On Wednesday, she said the EPA had paid for them to relocate to a nearby motel, and that the agency had tested their well water and found it contaminated. She said she worried that her children had been harmed by the air and foul water. One had been vomiting and coughing for some time.
She added that her family had moved to the trailer about a year ago. They’re from Honduras, she said, adding that several other families in the area are from Latin America. Asked if she had complained to DHEC, she said in Spanish, “We did not complain because we don’t speak English.”
Across the street, Mike Duncan, said he’d lived in the neighborhood for about 11 years. He works for Osprey Village, a nonprofit that hopes to build housing for disabled adults. He’s also living at a motel. He’d just stopped by the house for a moment.
“We like living here,” he said. “We just want it cleaned up.”
Moments later, state Sen. Tom Davis stopped by the entrance to the Able Contracting site.
Davis, R-Beaufort, spearheaded a joint resolution to help DHEC pay for the site’s cleanup once EPA leaves.
“The good news is that when EPA relinquishes the site in two or three weeks, DHEC has agreed to take it over. It should be a seamless handoff,” he said.
The agency has calculated that it will cost about $4.5 million to remove all 117,000 cubic yards of debris.
So far, Davis said, DHEC has the funds on hand to do this, but he said lawmakers will need to act quickly to replenish the agency’s coffers. The joint resolution calls for the S.C attorney general and DHEC to investigate how taxpayers can recoup funds spent to clean up Able’s mess. He also lauded Gov.
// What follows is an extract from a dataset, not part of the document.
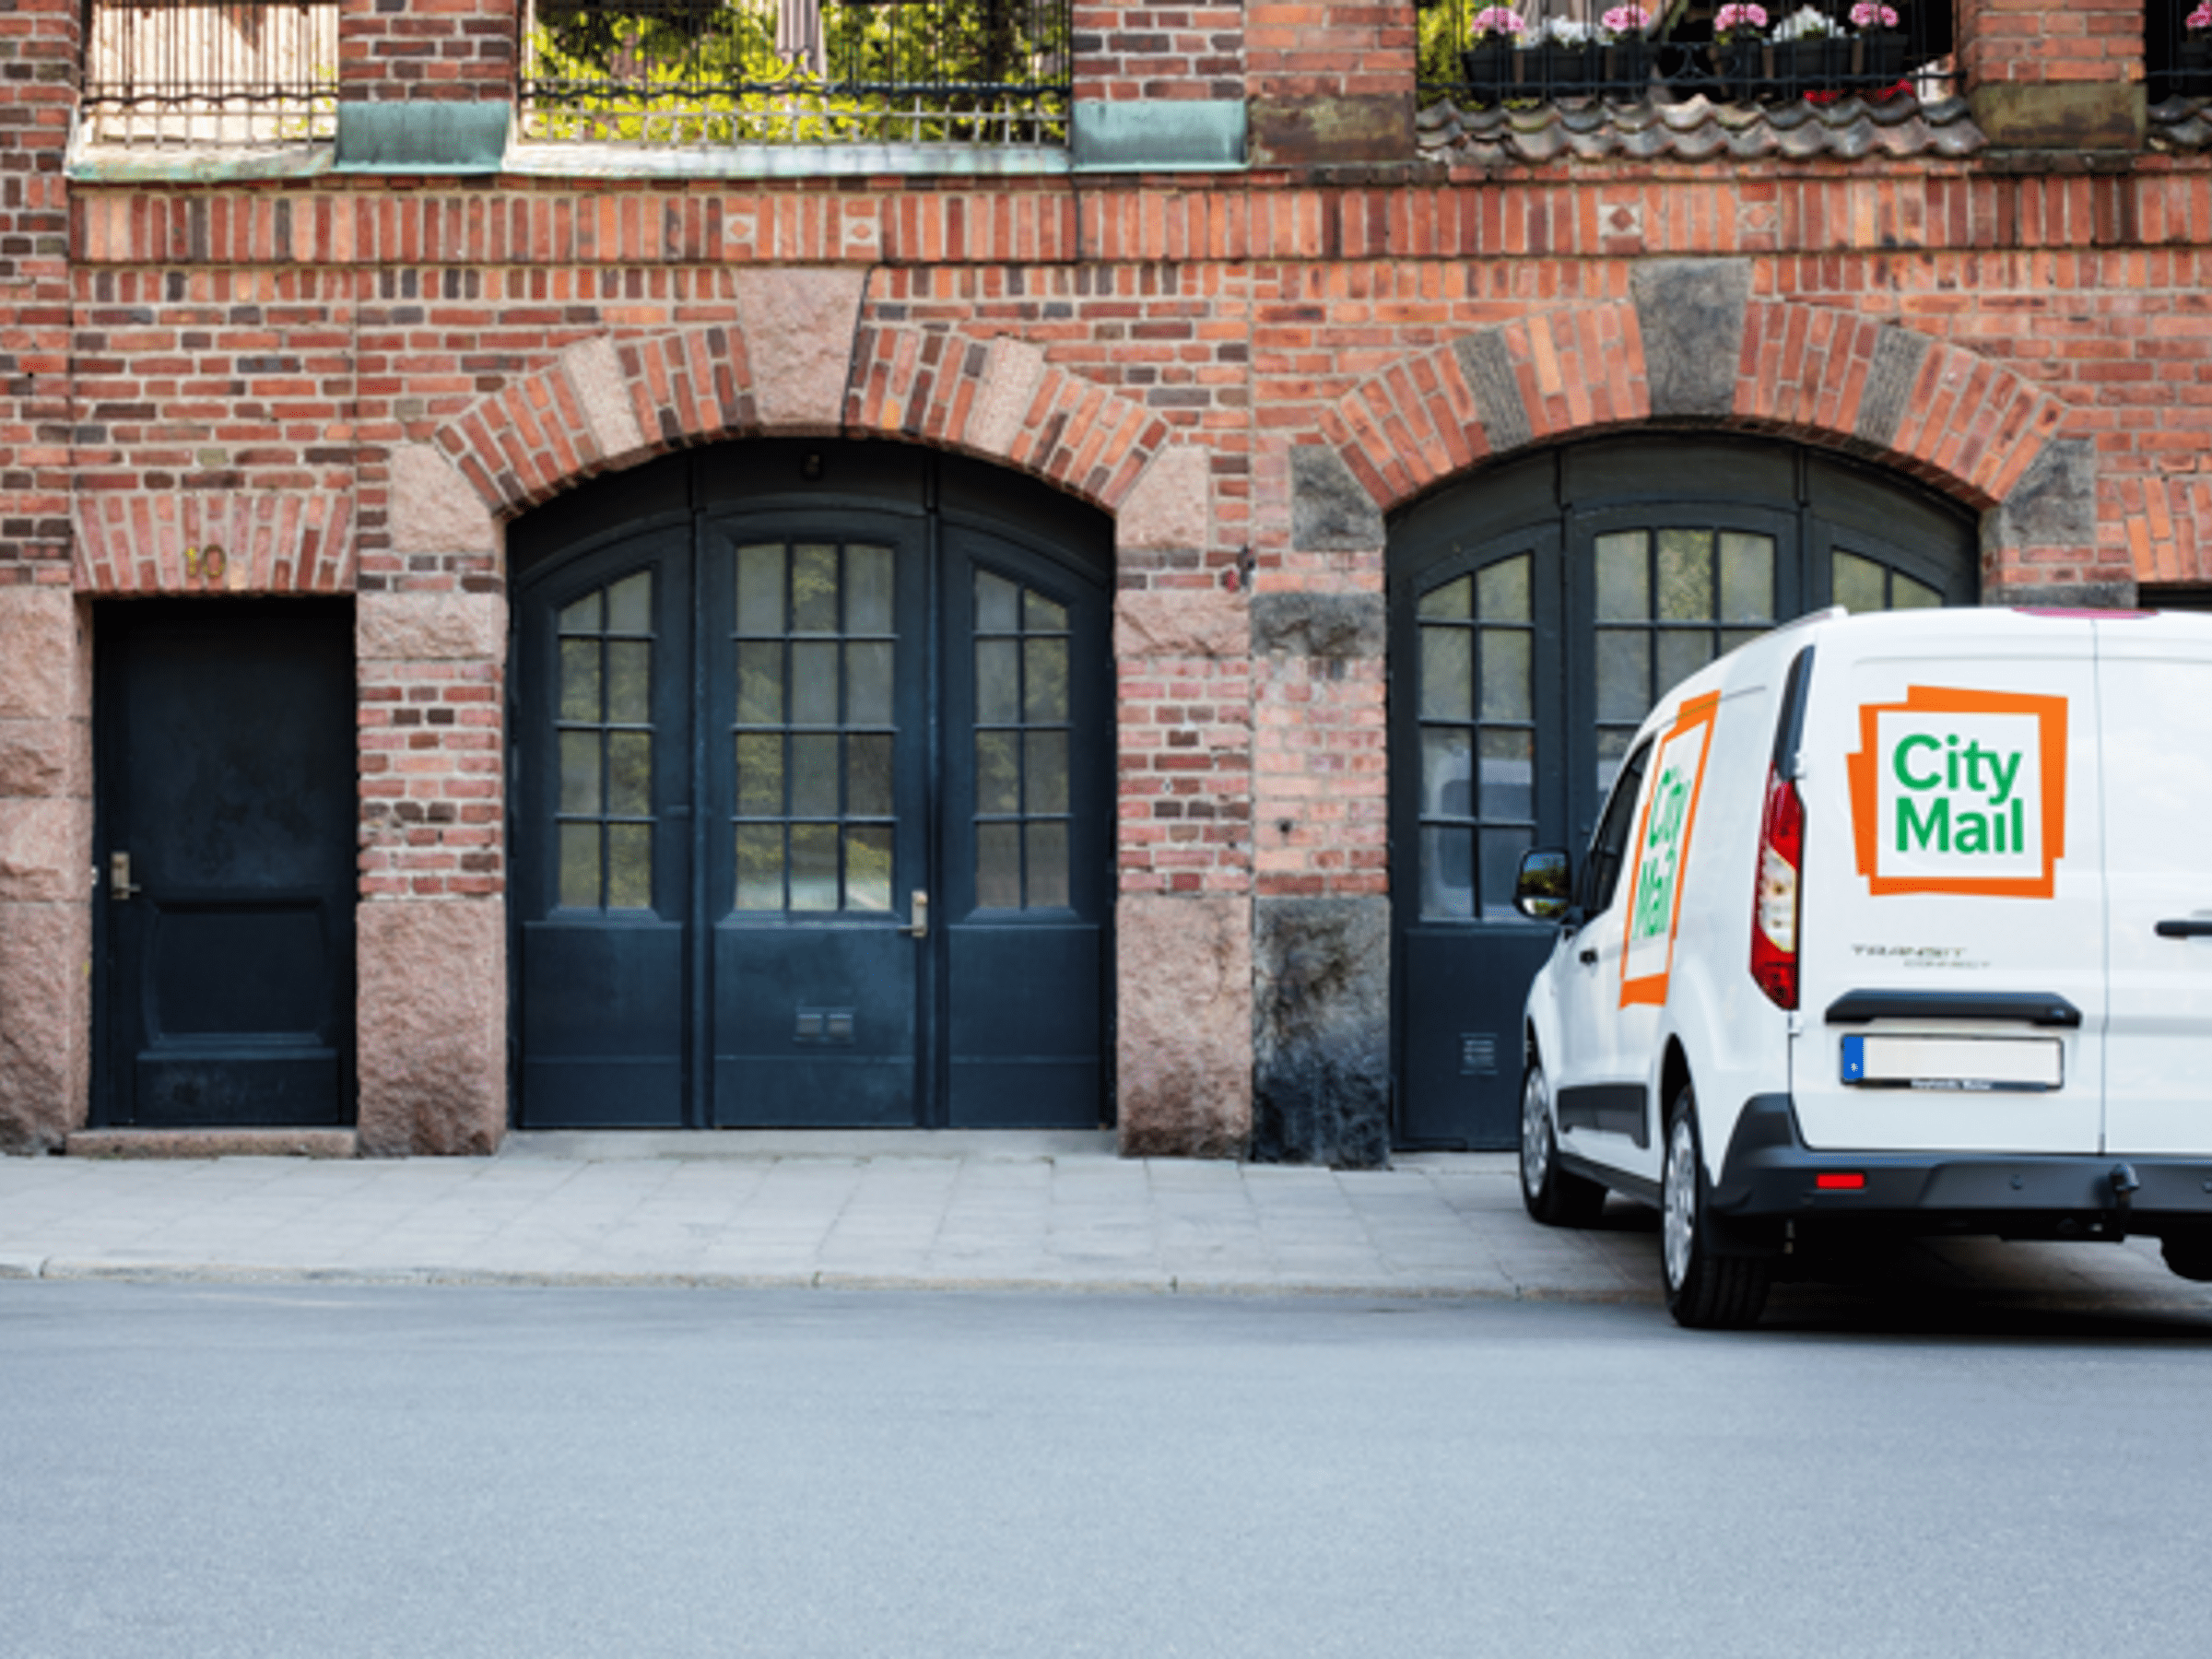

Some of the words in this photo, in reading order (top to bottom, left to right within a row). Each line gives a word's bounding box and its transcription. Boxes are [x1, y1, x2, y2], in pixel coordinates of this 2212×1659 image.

[184, 545, 226, 580] 10
[1893, 734, 2022, 806] City
[1896, 796, 2024, 854] Mail
Henry McMaster for making the cleanup a priority.
“A month ago, the idea that DHEC would spend money to reduce the pile wasn’t even on the horizon,” said Davis.
As the September sun baked the pile behind him, Davis said the focus first should be on removing the debris so it doesn’t pollute the air and area’s waterways.
The next task, he added, is to ask what lessons can be learned and how state agencies can be more responsive.
Those questions also should be priorities, neighbors and activists say.
DHEC is underfunded and stuck with weak regulations, said Tonya Bonitatibus, Savannah River Waterkeeper, which is testing water in the area for contamination. “They’ve not been able to enforce the regulations they already have. It’s unforgivable how” the agency hasn’t been “given the teeth to do anything. Hopefully, it’s a wake-up call.”